Relationship between tumour size and outcome in pancreatic ductal adenocarcinoma

Abstract Background The size of pancreatic ductal adenocarcinoma (PDAC) at diagnosis is an indicator of outcome. Previous studies have focused mostly on patients with resectable disease. The aim of this study was to investigate the relationship between tumour size and risk of metastasis and death in a large PDAC cohort, including all stages. Methods Patients diagnosed with PDAC between 1988 and 2013 were identified from the Surveillance, Epidemiology, and End Results (SEER) database. Tumour size was defined as the maximum dimension of the tumour as provided by the registry. Metastatic spread was assessed, and survival was calculated according to size of the primary tumour using the Kaplan–Meier method. Cox proportional regression modelling was used to adjust for known confounders. Results Some 58 728 patients were included. There were 187 patients (0·3 per cent) with a tumour size of 0·5 cm or less, in whom the rate of distant metastasis was 30·6 per cent. The probability of tumour dissemination was associated with tumour size at the time of diagnosis. The association between survival and tumour size was linear for patients with localized tumours, but stochastic in patients with regional and distant stages.
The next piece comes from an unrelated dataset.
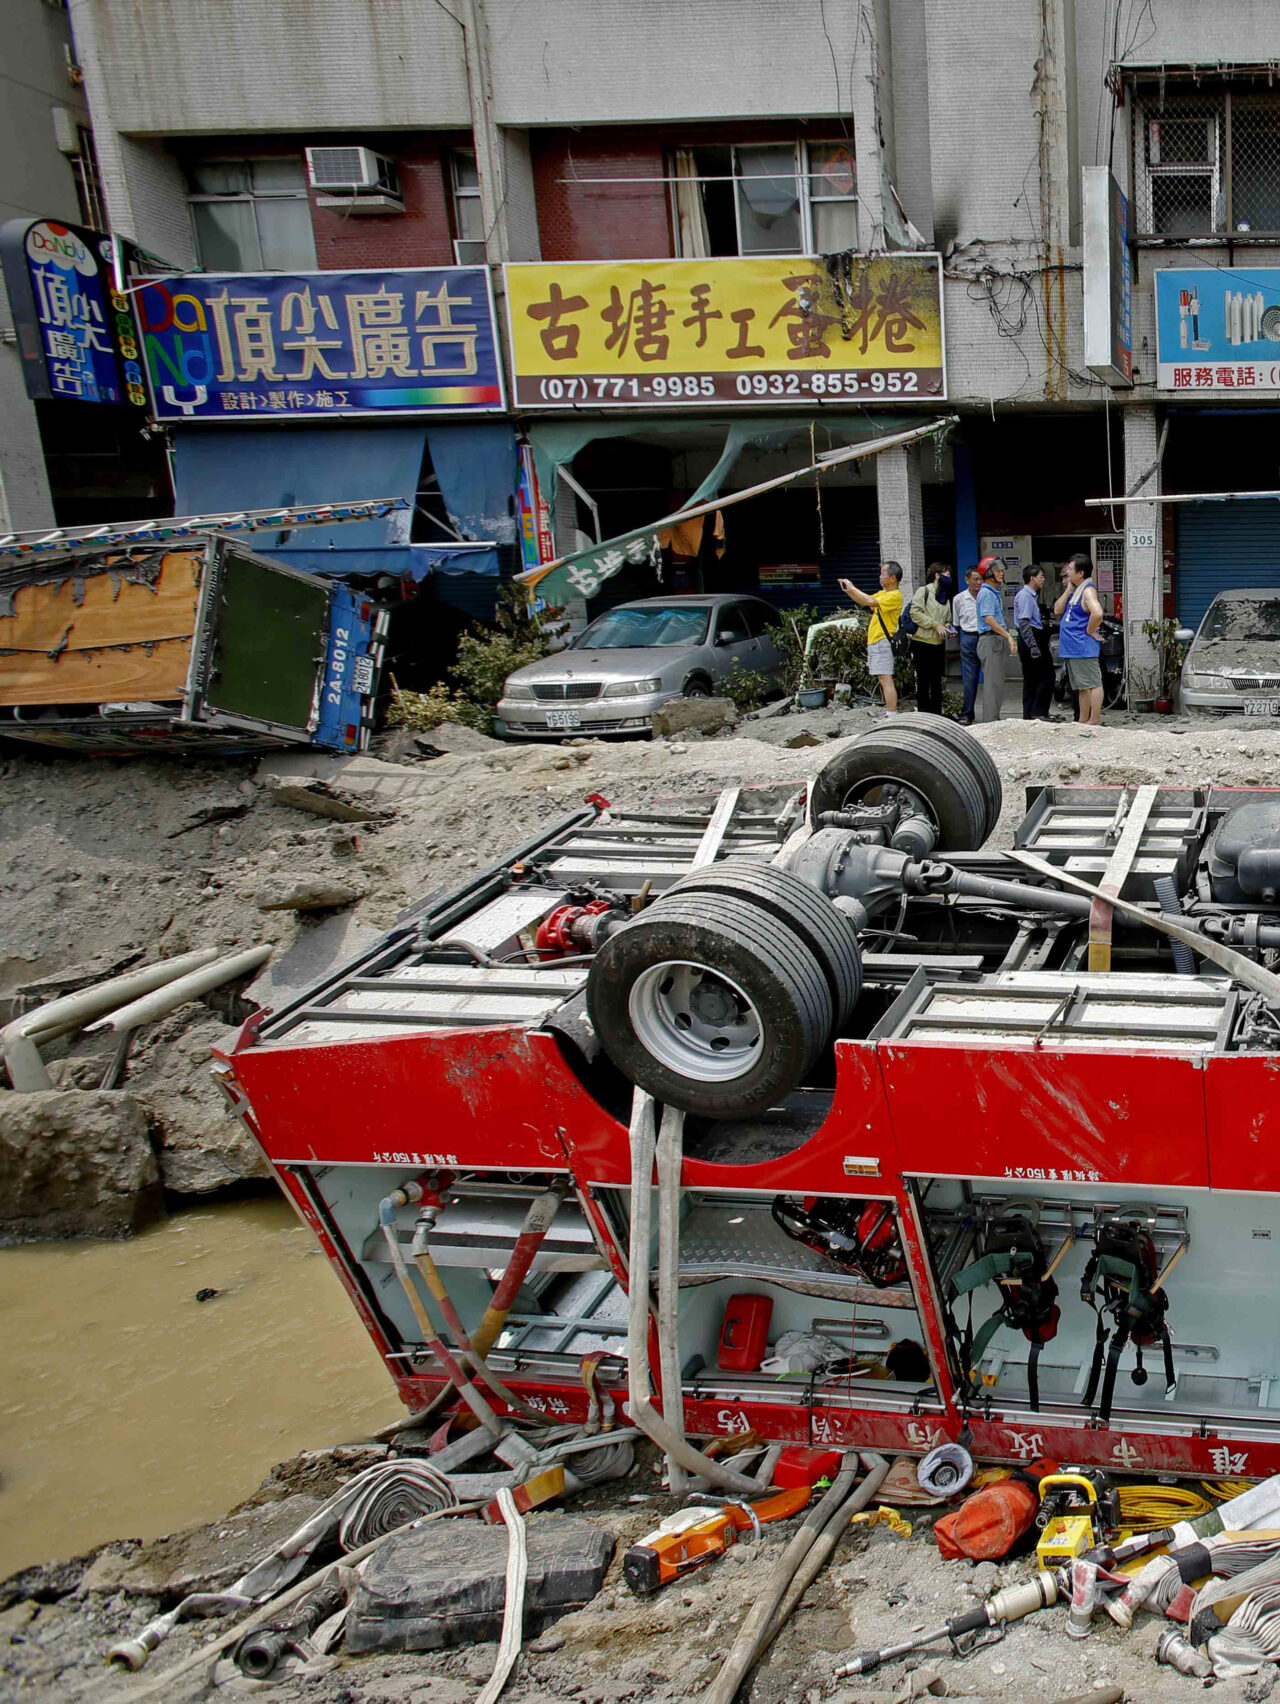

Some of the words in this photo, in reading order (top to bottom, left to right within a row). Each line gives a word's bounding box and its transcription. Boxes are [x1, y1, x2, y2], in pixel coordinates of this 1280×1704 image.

[736, 371, 919, 396] 0932-855-952
[1132, 535, 1153, 546] 305
[328, 627, 349, 705] 2A-8012
In patients with resected tumours, increasing tumour size was associated with worse tumour-specific survival, whereas size was not associated with survival in patients with unresected tumours. In the adjusted Cox regression analysis, the death rate increased by 4·1 per cent for each additional 1-cm increase in tumour size. Conclusion Pancreatic cancer has a high metastatic capacity even in small tumours. The prognostic impact of tumour size is restricted to patients with localized disease.